### EXERCISE DIRECTIONS:
If an entry below holds a picture, leave the picture out and print the rest exactly.

### DATA UNDER STUDY:
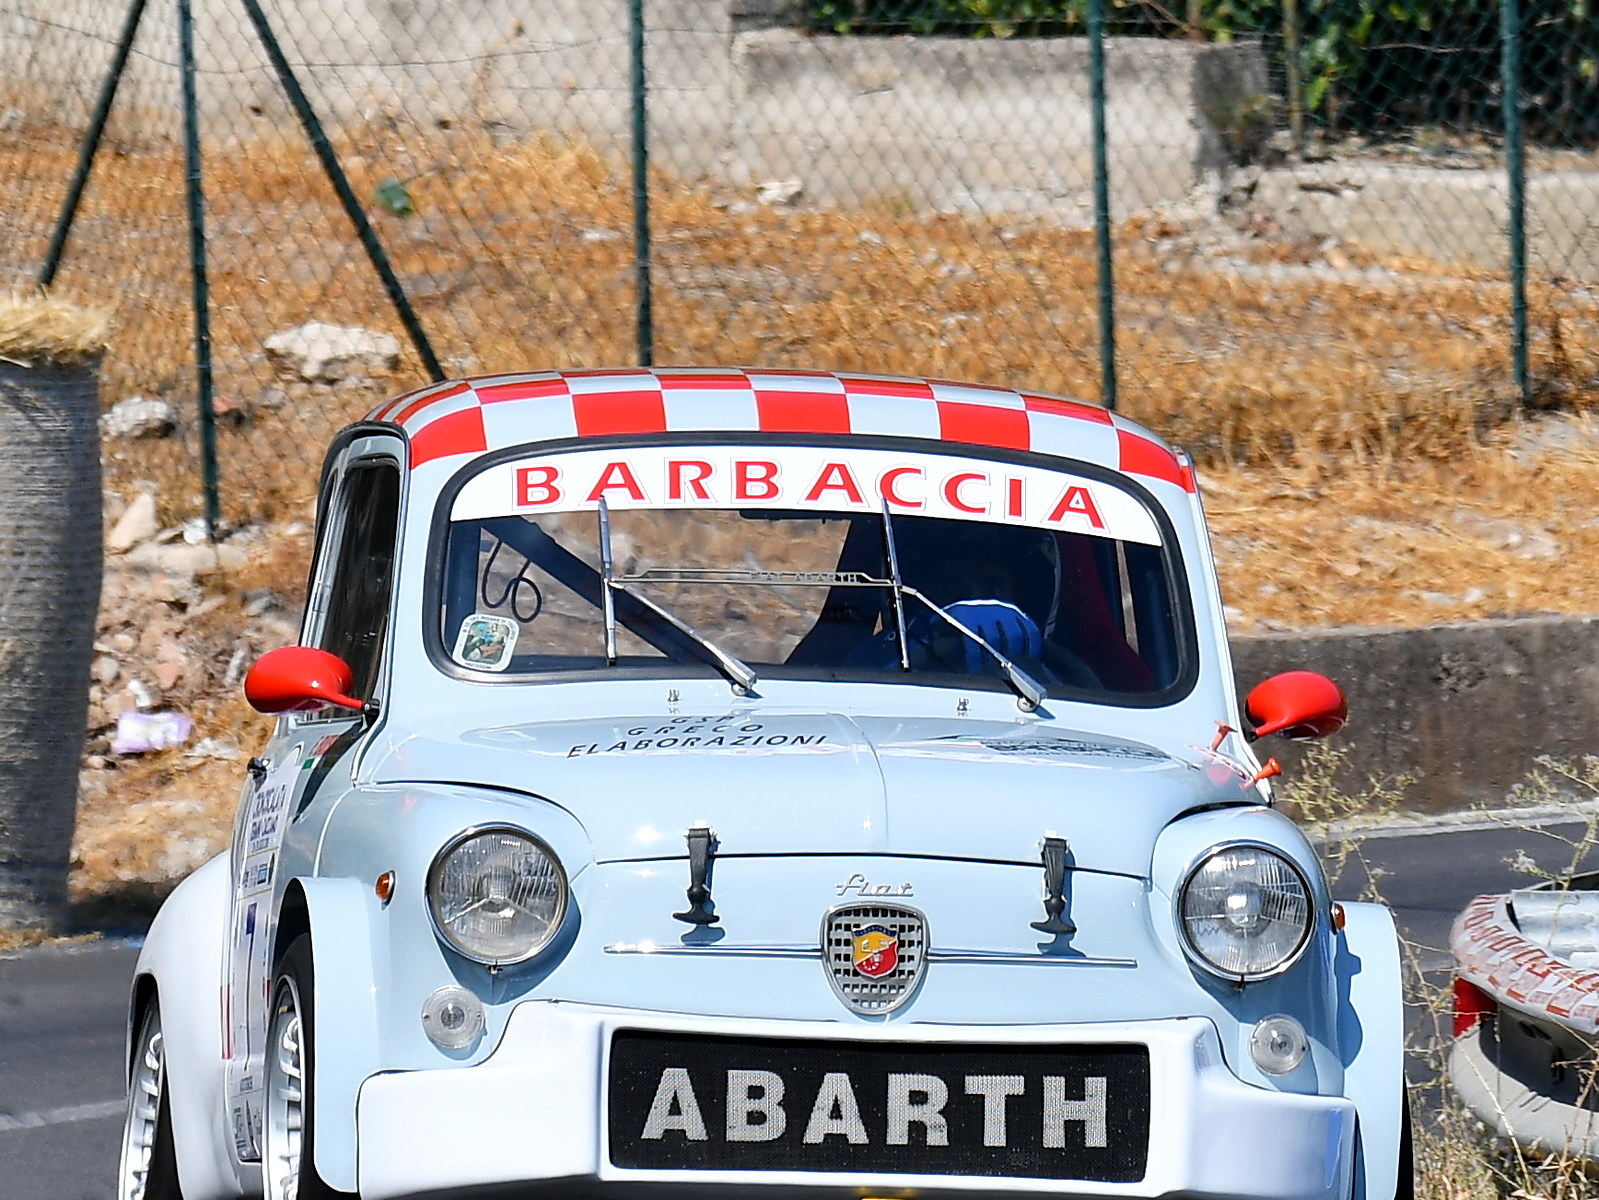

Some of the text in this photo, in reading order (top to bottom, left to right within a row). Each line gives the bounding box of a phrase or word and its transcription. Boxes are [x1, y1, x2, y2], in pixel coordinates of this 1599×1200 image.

[512, 457, 1110, 533] BARBACCIA
[566, 734, 827, 759] ELABORAZIONI
[627, 724, 763, 736] GRECO
[640, 1067, 1107, 1149] ABARTH

### RESULT BELOW:
Some of the text in this photo, in reading order (top to bottom, left to right within a row). Each line gives the bounding box of a phrase or word and its transcription. Boxes are [x1, y1, x2, y2], in pixel coordinates of this 1599×1200 image.

[512, 457, 1110, 533] BARBACCIA
[566, 734, 827, 759] ELABORAZIONI
[627, 724, 763, 736] GRECO
[640, 1067, 1107, 1149] ABARTH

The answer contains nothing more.